MATERIAL TO PROCESS —
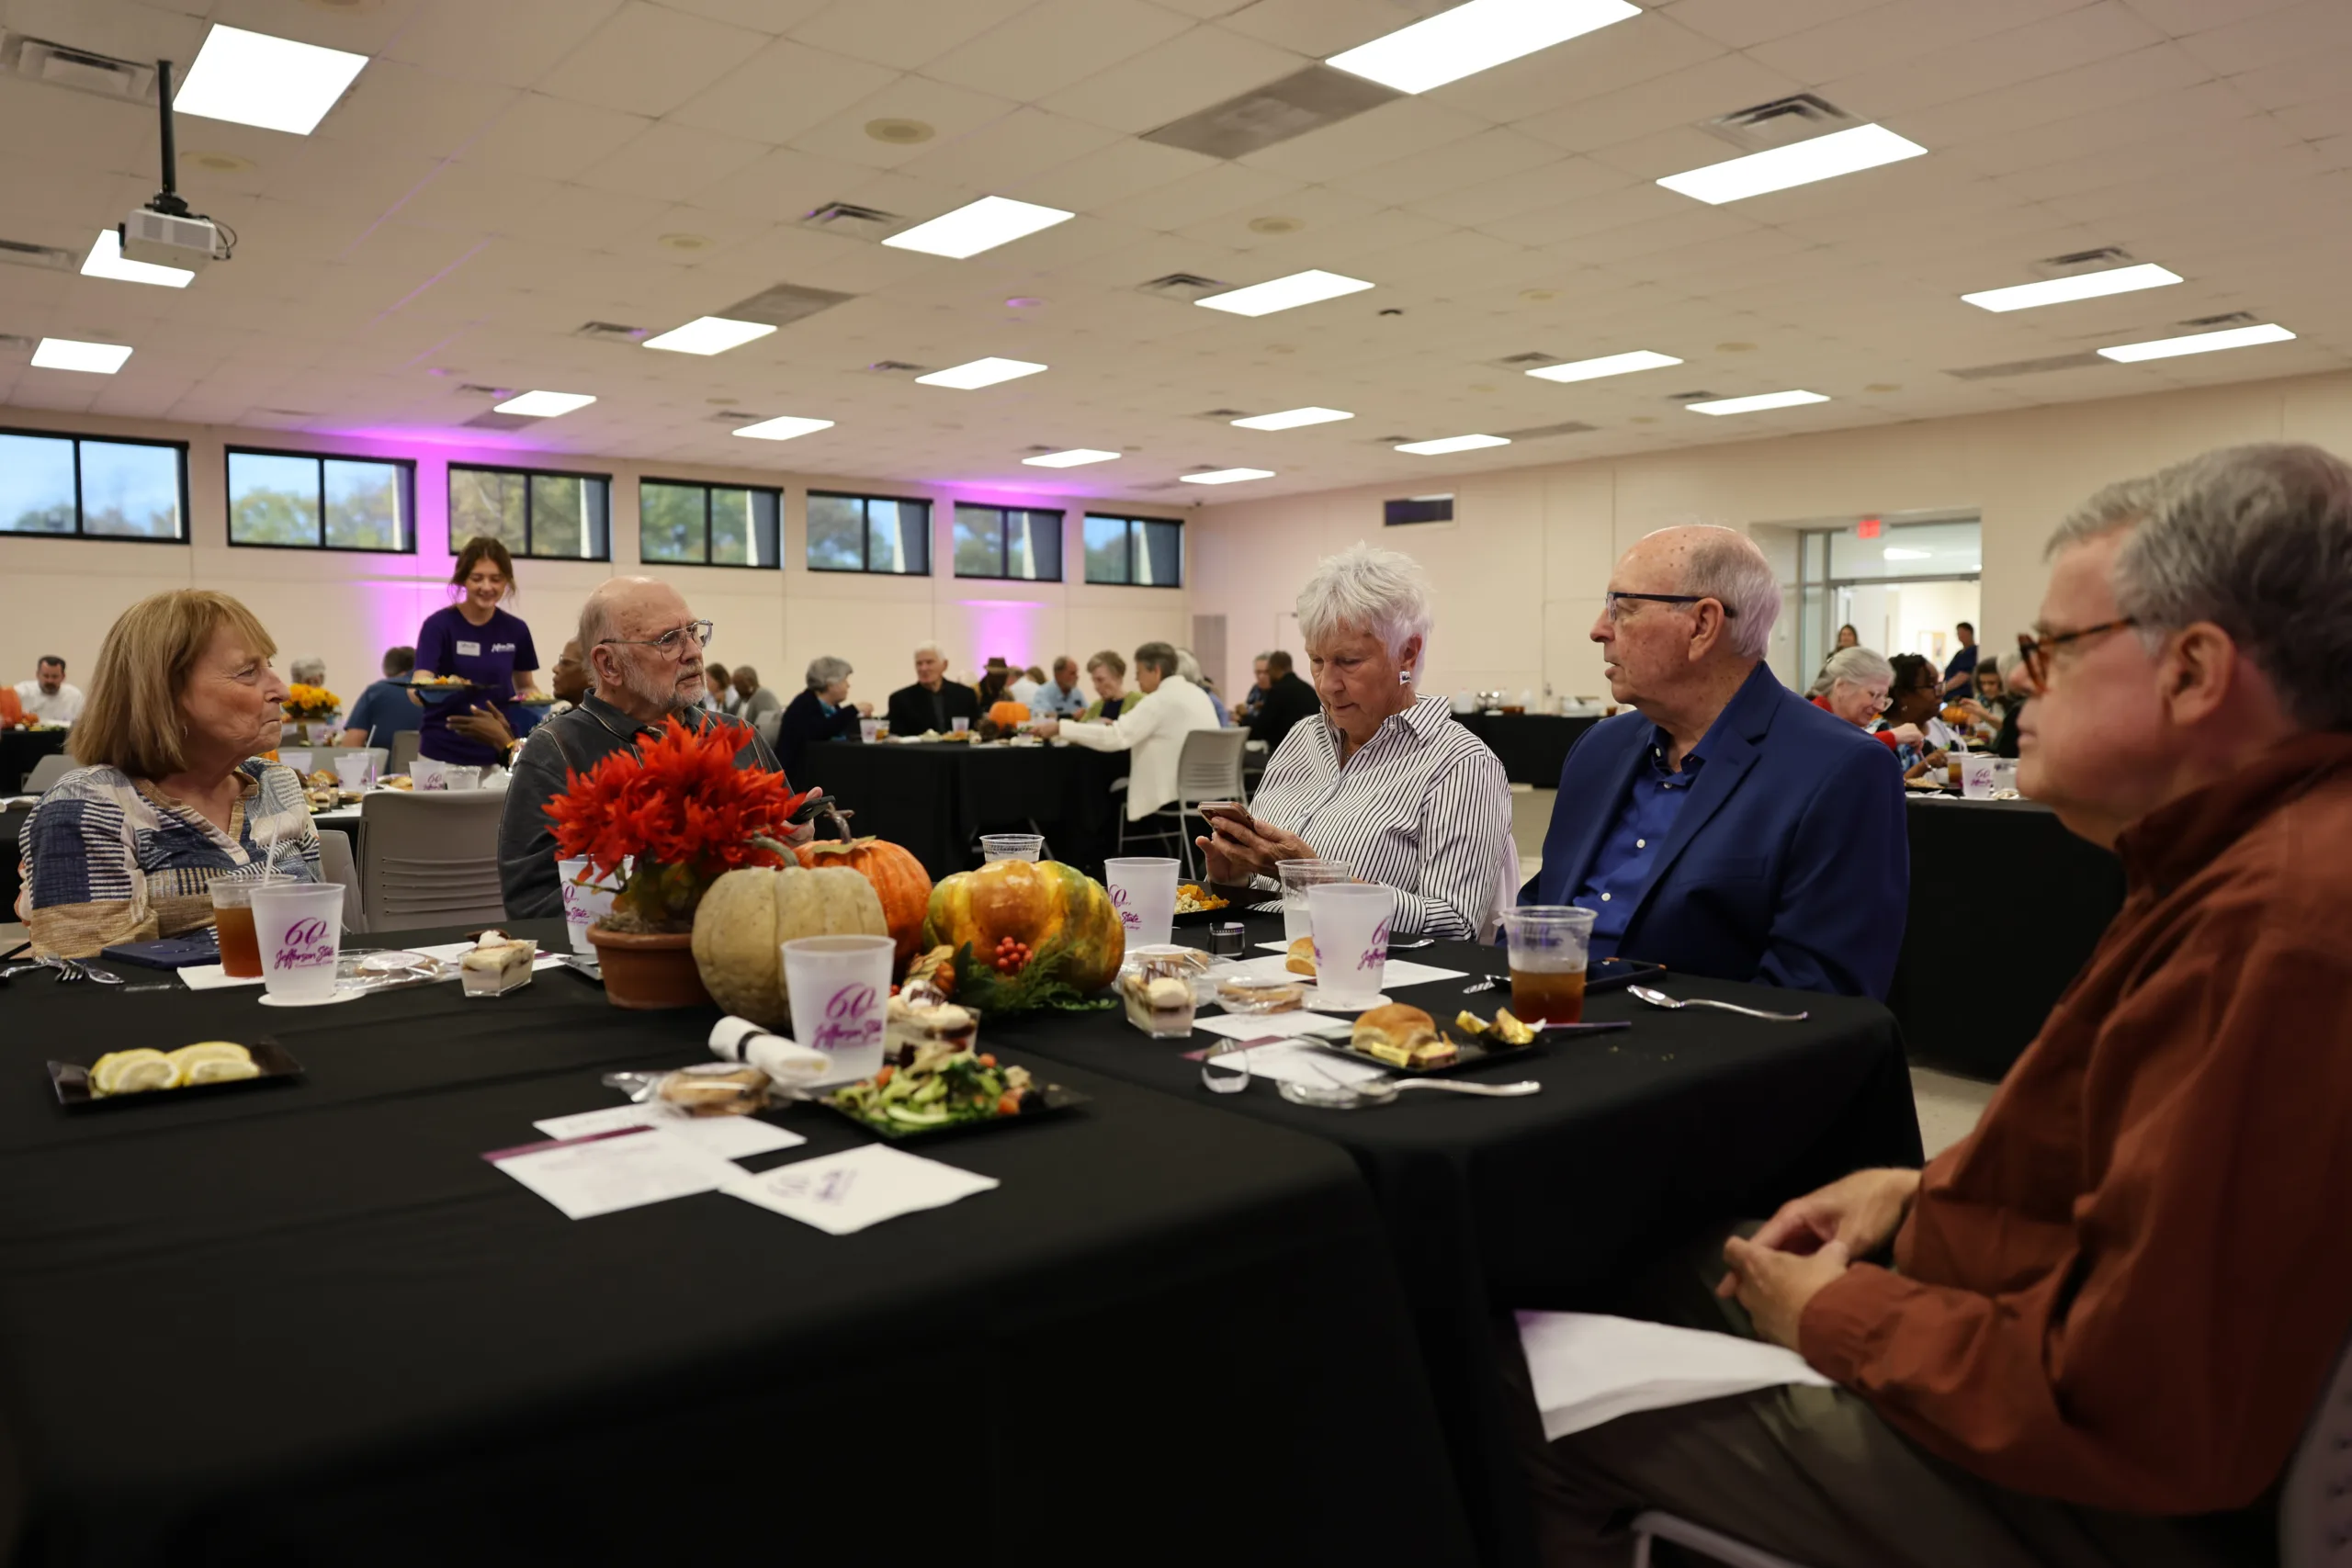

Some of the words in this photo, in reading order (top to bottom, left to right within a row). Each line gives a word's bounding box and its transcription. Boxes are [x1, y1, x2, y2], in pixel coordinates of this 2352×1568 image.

[284, 917, 327, 946] 60
[1122, 911, 1142, 925] State
[826, 982, 877, 1021] 60
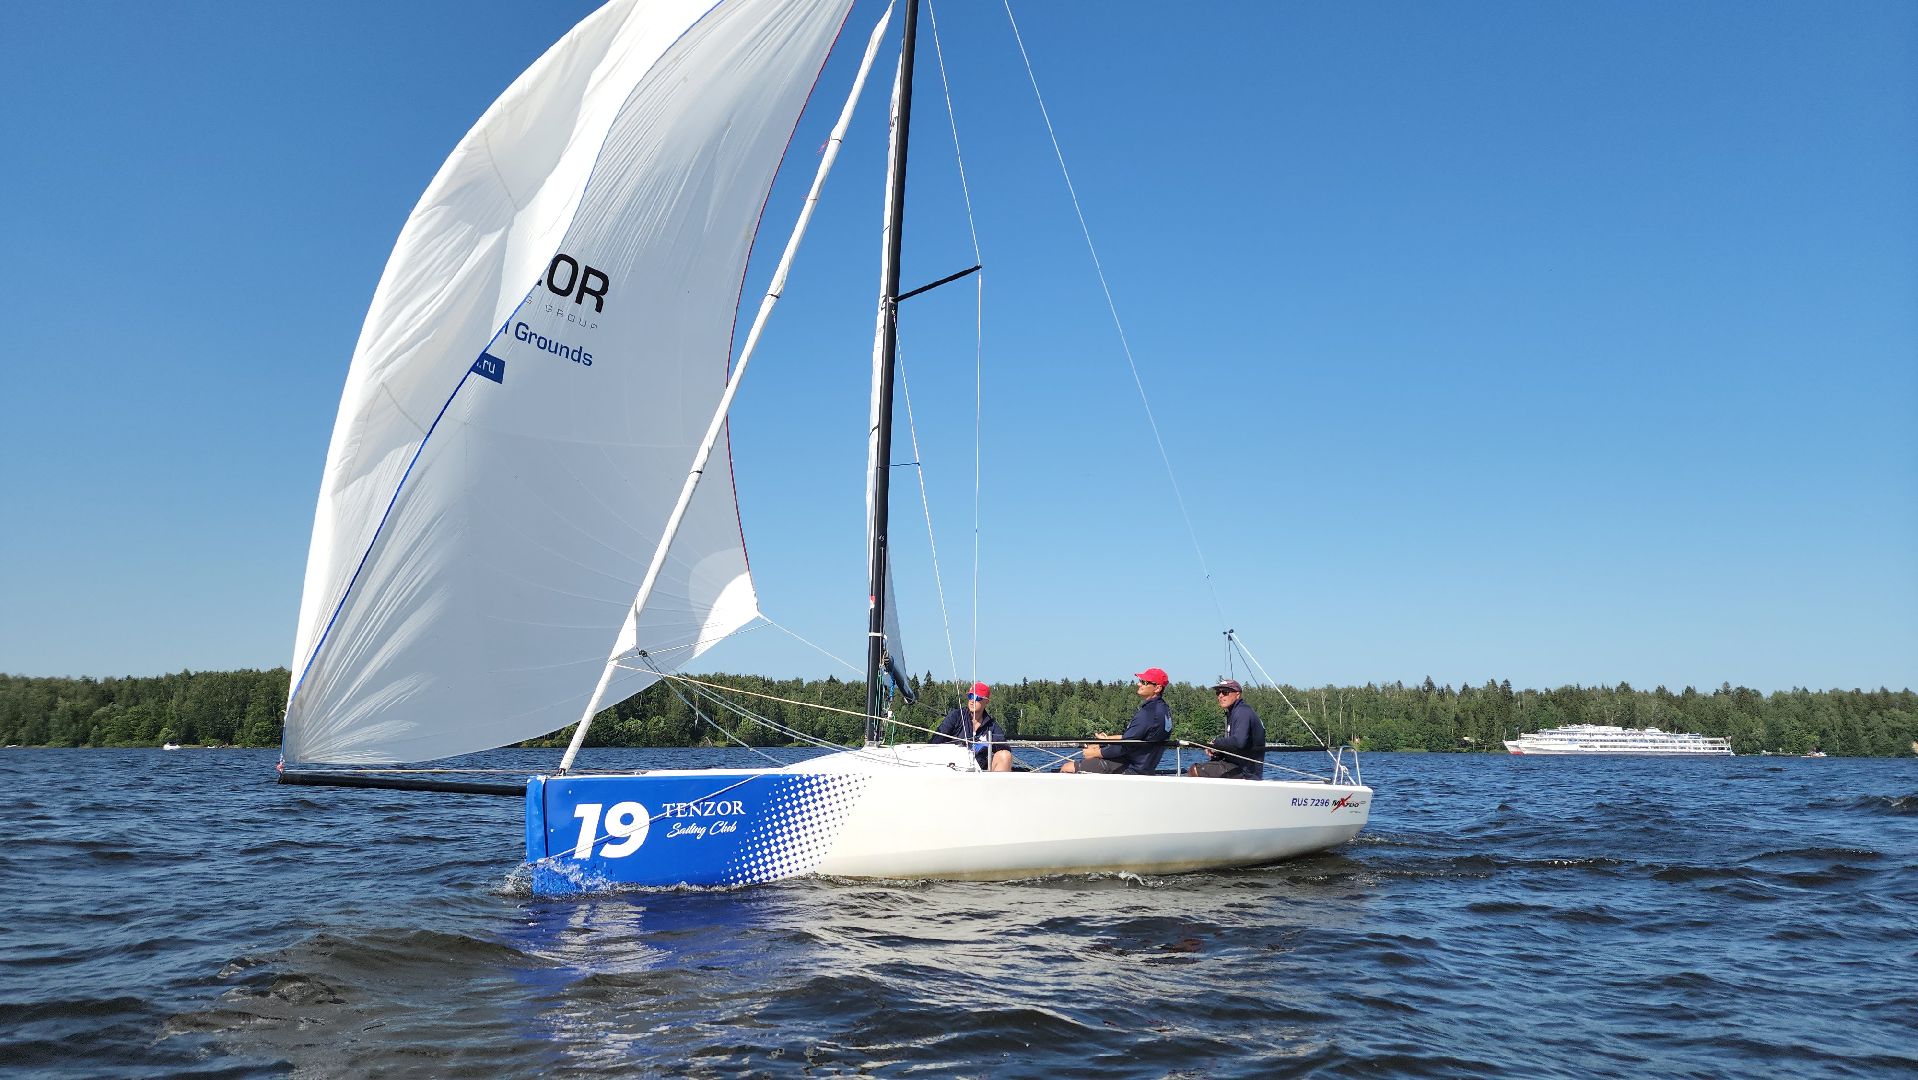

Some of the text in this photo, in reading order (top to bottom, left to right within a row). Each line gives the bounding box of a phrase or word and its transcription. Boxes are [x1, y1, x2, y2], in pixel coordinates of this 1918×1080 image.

[536, 253, 610, 314] OR
[514, 321, 593, 367] Grounds
[662, 800, 746, 819] TENZOR
[1291, 798, 1308, 807] RUS
[1310, 798, 1330, 807] 7296
[573, 801, 650, 859] 19
[666, 820, 737, 839] Sailing Club
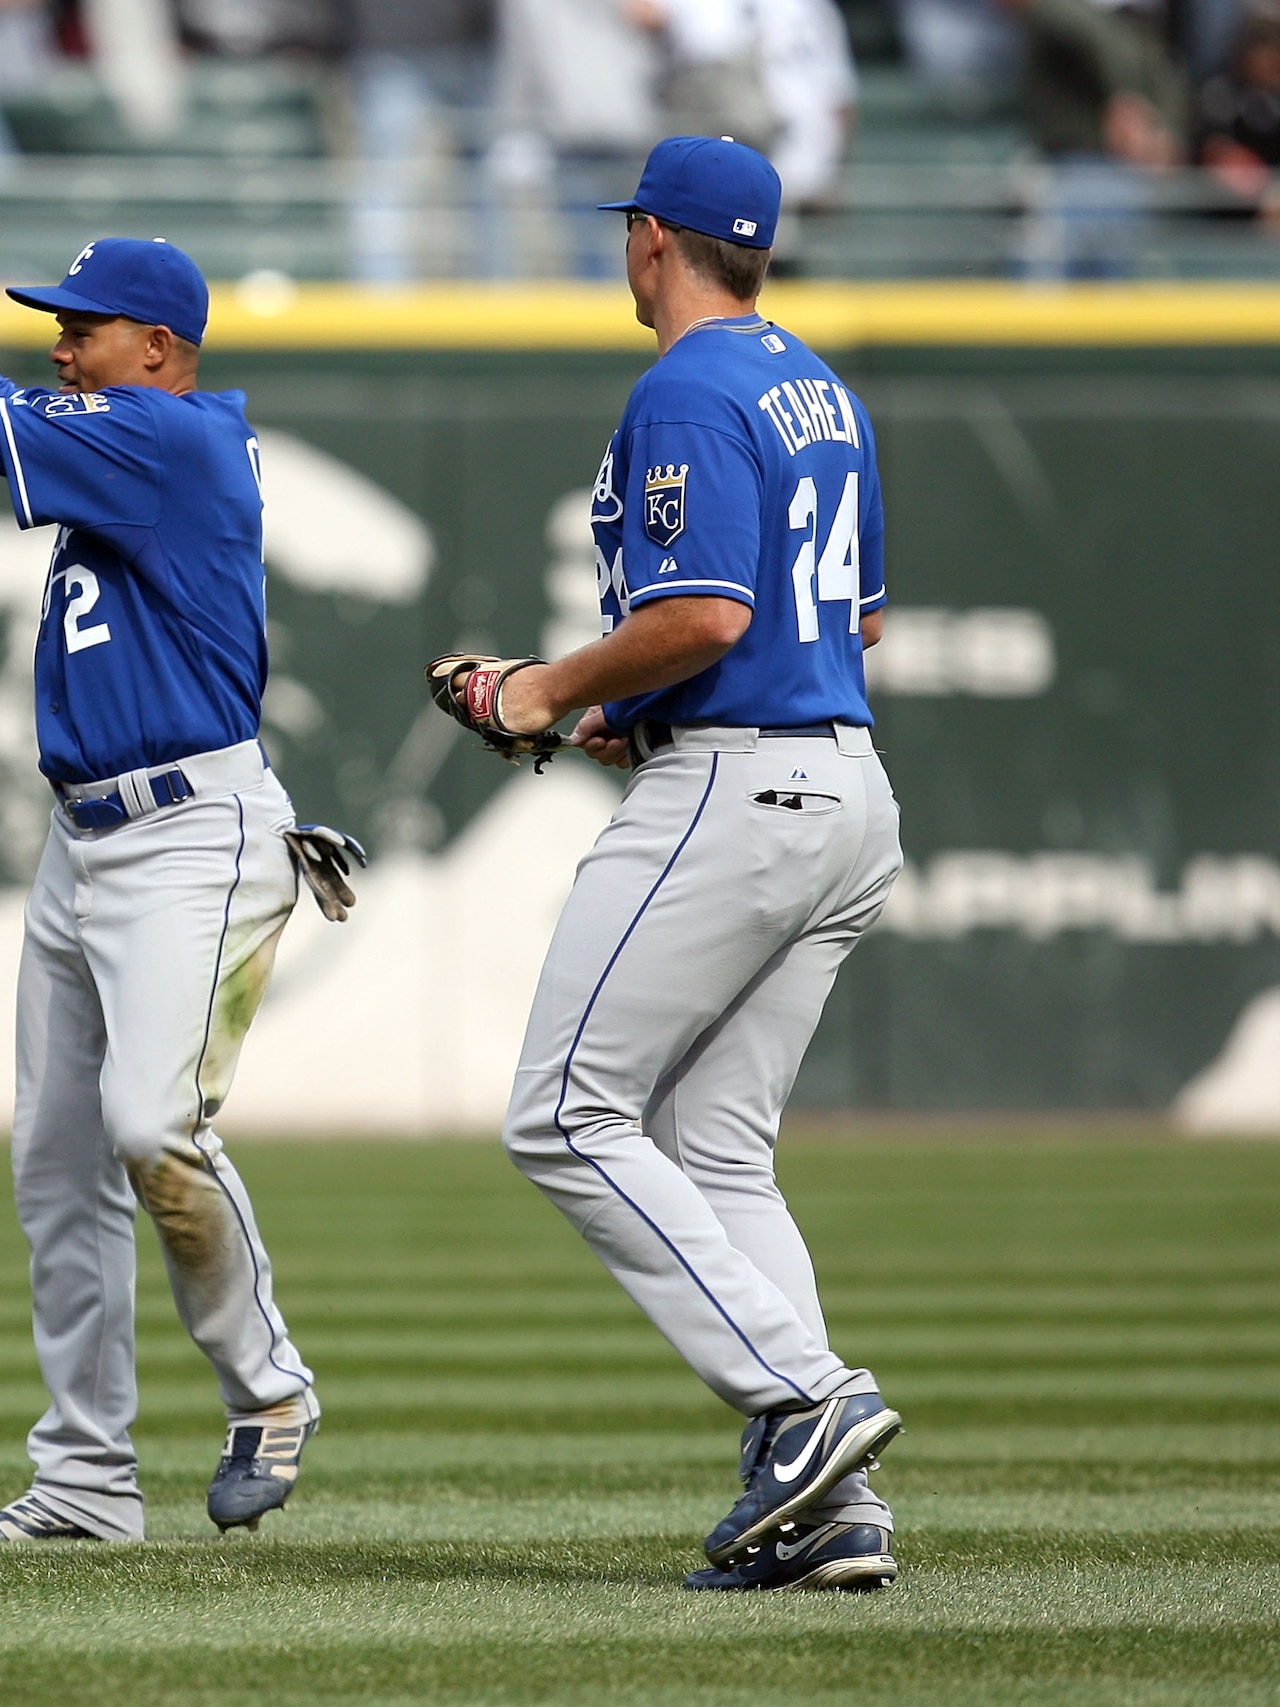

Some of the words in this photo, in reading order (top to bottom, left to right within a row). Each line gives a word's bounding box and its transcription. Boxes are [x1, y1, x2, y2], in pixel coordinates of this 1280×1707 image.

[758, 379, 860, 456] TEAHEN
[647, 493, 679, 530] KC
[787, 471, 861, 643] 24
[63, 562, 112, 655] 2

PROBLEM REQUIREMENTS —
The records above are to be restated word for word, excluding all pictures.

ANSWER —
Some of the words in this photo, in reading order (top to bottom, left to right within a row). Each line gives a word's bounding box and its transcription. Boxes are [x1, y1, x2, y2], in pixel coordinates of this 2352×1568 image.

[284, 917, 327, 946] 60
[1122, 911, 1142, 925] State
[826, 982, 877, 1021] 60

Some of the text in this photo, in reading order (top to bottom, left to right within a row). Each line gives the bounding box of a phrase or word and its transcription. Boxes are [x1, y1, x2, y2], in pixel coordinates of this 1918×1080 image.

[536, 253, 610, 314] OR
[514, 321, 593, 367] Grounds
[662, 800, 746, 819] TENZOR
[1291, 798, 1308, 807] RUS
[1310, 798, 1330, 807] 7296
[573, 801, 650, 859] 19
[666, 820, 737, 839] Sailing Club

Some of the words in this photo, in reading order (top to bottom, left to right within a row). Each line gives a word's bounding box and its transcription. Boxes are [x1, y1, x2, y2], in pixel coordinates of this 1280×1707 image.

[758, 379, 860, 456] TEAHEN
[647, 493, 679, 530] KC
[787, 471, 861, 643] 24
[63, 562, 112, 655] 2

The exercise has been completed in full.